| Problem description |
When you have read the listing, copy all of it without any change.

| Records provided |
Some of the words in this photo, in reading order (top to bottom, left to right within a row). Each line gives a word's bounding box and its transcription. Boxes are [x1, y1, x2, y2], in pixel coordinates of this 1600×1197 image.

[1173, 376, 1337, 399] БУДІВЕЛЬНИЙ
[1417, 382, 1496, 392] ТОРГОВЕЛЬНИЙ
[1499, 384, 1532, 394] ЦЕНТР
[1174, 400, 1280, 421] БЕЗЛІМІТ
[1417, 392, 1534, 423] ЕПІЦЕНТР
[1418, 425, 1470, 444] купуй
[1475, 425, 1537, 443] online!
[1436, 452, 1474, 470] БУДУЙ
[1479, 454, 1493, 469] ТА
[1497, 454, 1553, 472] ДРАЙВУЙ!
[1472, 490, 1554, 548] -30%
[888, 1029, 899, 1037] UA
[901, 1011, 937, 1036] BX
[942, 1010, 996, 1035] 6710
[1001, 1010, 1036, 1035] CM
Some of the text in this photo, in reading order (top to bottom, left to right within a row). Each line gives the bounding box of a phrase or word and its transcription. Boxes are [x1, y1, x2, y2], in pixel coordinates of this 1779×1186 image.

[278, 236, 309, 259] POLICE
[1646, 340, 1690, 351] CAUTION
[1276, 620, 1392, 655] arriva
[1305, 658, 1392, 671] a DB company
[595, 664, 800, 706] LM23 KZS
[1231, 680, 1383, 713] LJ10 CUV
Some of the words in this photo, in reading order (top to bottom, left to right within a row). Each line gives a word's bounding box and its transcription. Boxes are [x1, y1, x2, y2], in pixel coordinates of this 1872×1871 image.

| Result |
Some of the words in this photo, in reading order (top to bottom, left to right within a row). Each line gives a word's bounding box and its transcription. Boxes are [x1, y1, x2, y2], in pixel coordinates of this 1600×1197 image.

[1173, 376, 1337, 399] БУДІВЕЛЬНИЙ
[1417, 382, 1496, 392] ТОРГОВЕЛЬНИЙ
[1499, 384, 1532, 394] ЦЕНТР
[1174, 400, 1280, 421] БЕЗЛІМІТ
[1417, 392, 1534, 423] ЕПІЦЕНТР
[1418, 425, 1470, 444] купуй
[1475, 425, 1537, 443] online!
[1436, 452, 1474, 470] БУДУЙ
[1479, 454, 1493, 469] ТА
[1497, 454, 1553, 472] ДРАЙВУЙ!
[1472, 490, 1554, 548] -30%
[888, 1029, 899, 1037] UA
[901, 1011, 937, 1036] BX
[942, 1010, 996, 1035] 6710
[1001, 1010, 1036, 1035] CM
Some of the text in this photo, in reading order (top to bottom, left to right within a row). Each line gives the bounding box of a phrase or word and its transcription. Boxes are [x1, y1, x2, y2], in pixel coordinates of this 1779×1186 image.

[278, 236, 309, 259] POLICE
[1646, 340, 1690, 351] CAUTION
[1276, 620, 1392, 655] arriva
[1305, 658, 1392, 671] a DB company
[595, 664, 800, 706] LM23 KZS
[1231, 680, 1383, 713] LJ10 CUV
Some of the words in this photo, in reading order (top to bottom, left to right within a row). Each line gives a word's bounding box and its transcription. Boxes are [x1, y1, x2, y2], in pixel coordinates of this 1872×1871 image.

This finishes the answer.